[[ DATA FOR THIS EXERCISE, beginning ]]
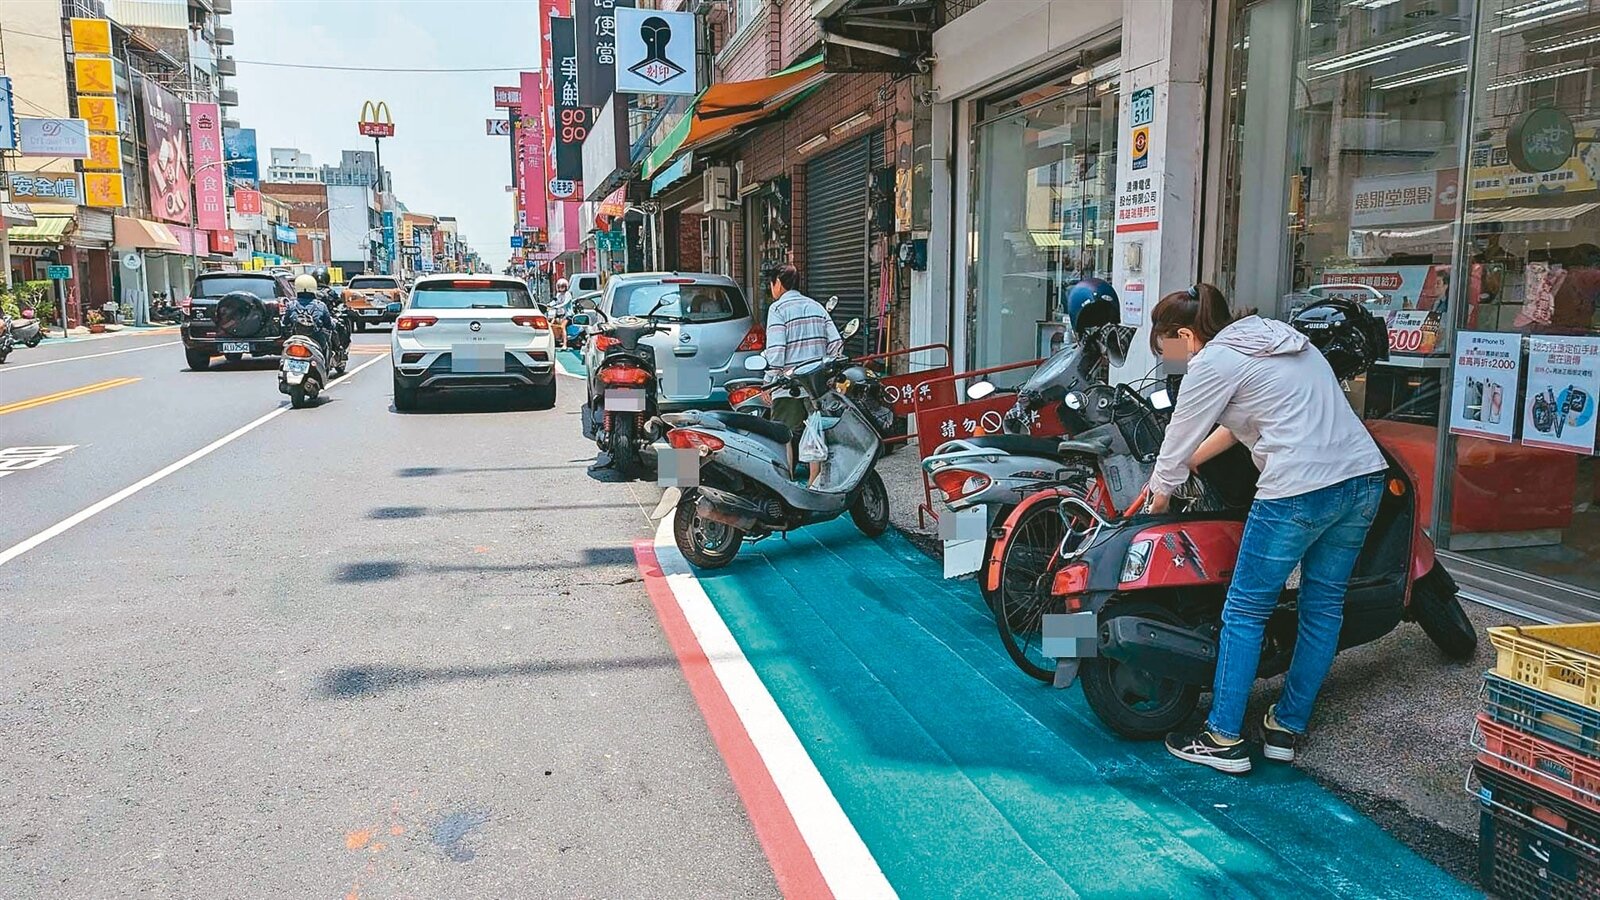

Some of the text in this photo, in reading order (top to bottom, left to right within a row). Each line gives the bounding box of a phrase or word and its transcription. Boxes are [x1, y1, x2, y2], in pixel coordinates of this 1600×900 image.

[646, 65, 669, 79] 刻印
[562, 109, 585, 126] go
[1134, 107, 1150, 124] 511
[562, 126, 586, 143] go
[199, 135, 219, 212] 義美食品
[12, 177, 76, 198] 安全帽
[1126, 177, 1151, 193] 遠傳電信
[1119, 191, 1157, 206] 股份有限公司
[[ DATA FOR THIS EXERCISE, end ]]
(DIRECTIONS FOR THIS TASK)
Copy the records above precisely, and leave every image out of the copy.

(OUTPUT BELOW)
Some of the text in this photo, in reading order (top to bottom, left to right within a row). Each line gives the bounding box of a phrase or word and its transcription. Boxes are [x1, y1, x2, y2], in pixel coordinates of this 1600×900 image.

[646, 65, 669, 79] 刻印
[562, 109, 585, 126] go
[1134, 107, 1150, 124] 511
[562, 126, 586, 143] go
[199, 135, 219, 212] 義美食品
[12, 177, 76, 198] 安全帽
[1126, 177, 1151, 193] 遠傳電信
[1119, 191, 1157, 206] 股份有限公司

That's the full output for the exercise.